Yeah, that came off as a bit of a personal rant, but it does properly explain why I often avoid pubs. To their credit, some pubs are less pub-like than others. Take the BX. Looking like a golf clubhouse in Texas, the BX boasts with a massive sign their insistence in serving lunch. With only a half dozen TVs scattered about (that I could see, so that double that) in such a large establishment, the BX might be confused for an actual restaurant. Its decor gets credit, with large amounts of natural wood accented by brick. It’s a beautiful establishment, a free standing building erected to order better fitted nestled riverside flanking a steamboat dock. I can almost see visiting the BX based purely on its decor. Thankfully its food isn’t half bad. I was initially taken back by the prices, higher than most competition. It must be another indicator of a pub, extraordinarily overpriced appetizers. Exquisitely made North 54 beef medallions don’t cost this much. Yes, I know, the plates are probably large enough to feed a little league baseball team but I still have issue with ordering a 15 dollar appetizer. And yes, I’ve seen this trend with other pubs as well, offering the illusions you’re eating less despite paying more. Fourteen-dollar burgers border on unwise given I can stuff my face at a family restaurant for 10.
That opened a gastronomic dilemma: would I pay $15 for a burger in a pub or $10 for a burger at a family restaurant. As I “hulk” through the impressively stacked bacon provolone burger piled upon a square bun, the answer was obvious. So for that reason, I have to review pubs in town, because they deserve it, because places like the BX try harder than some restaurants to earn your money, at least that’s been my experience thus far. Yes, the glossy plastic coated wood tables remind me that a pub must be scotch-guarded against the acidic upheavals of intoxicated patrons, but at lunch, with muted televisions, I can sit back and enjoy the experience. I mean you have to want it; you have to want pub food. And I never get that craving. I wake up thinking, “I want Indian food” or, “I have a hankering for Mexican”. I never wake up thinking how badly I want a burger. I know it’s odd given my upbringing. I look back at that obese stranger whose body I occupy and I lament the one he forced me to inherit, thinner, but with physical and emotional scars my lifetime will never erase.

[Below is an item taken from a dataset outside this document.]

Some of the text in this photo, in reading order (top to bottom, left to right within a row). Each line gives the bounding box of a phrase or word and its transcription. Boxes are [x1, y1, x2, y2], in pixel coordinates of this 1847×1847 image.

I never crave burgers but enjoy them when I have them. So the BX, like all pubs, is a location I’d never visit unless outvoted, or as an obligation to a review like this one. Which is too bad because BX is worthy of a visit, and when compared to restaurants in town, it’s better than average. I mean when measuring them against family restaurants, it beats out most, and here you shouldn’t have to stress yourself about the chances of having to endure a two-year old in a high-chair ripping its vocal chords out because of its desire to have sushi over ice cream.

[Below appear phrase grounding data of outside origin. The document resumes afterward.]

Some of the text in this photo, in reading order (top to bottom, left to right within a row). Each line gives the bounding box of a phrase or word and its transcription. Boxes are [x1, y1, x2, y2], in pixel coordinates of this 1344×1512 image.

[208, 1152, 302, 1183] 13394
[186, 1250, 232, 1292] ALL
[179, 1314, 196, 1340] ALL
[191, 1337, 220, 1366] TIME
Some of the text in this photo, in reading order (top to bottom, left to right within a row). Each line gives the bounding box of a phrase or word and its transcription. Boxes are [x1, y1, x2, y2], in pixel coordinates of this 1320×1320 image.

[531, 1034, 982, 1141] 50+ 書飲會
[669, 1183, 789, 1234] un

As the sun reached its zenith, the BX was packed with truck drivers, business men, and sectaries with nary a single eye on the keno board slightly blocked by an ornamental wooden pole. The food was enjoyable but simple. I’ll conclude this review with a local legend. At some point, the BX had gained some notoriety by offering a burger so immense, no human being could conceivably finish it. Along with two impressive patties, it also boasted a pair of bratwursts stacked upon an immense bun. Not enough for you? Add bacon, mushrooms and top the whole thing off with sunny side egg. Such a meal appears to have fallen off the menu as I’m sure it was no longer economical to keep it on…not just because it wasn’t making any money, but because the obesity rate in this country proved that more of us were willing to take up the challenge.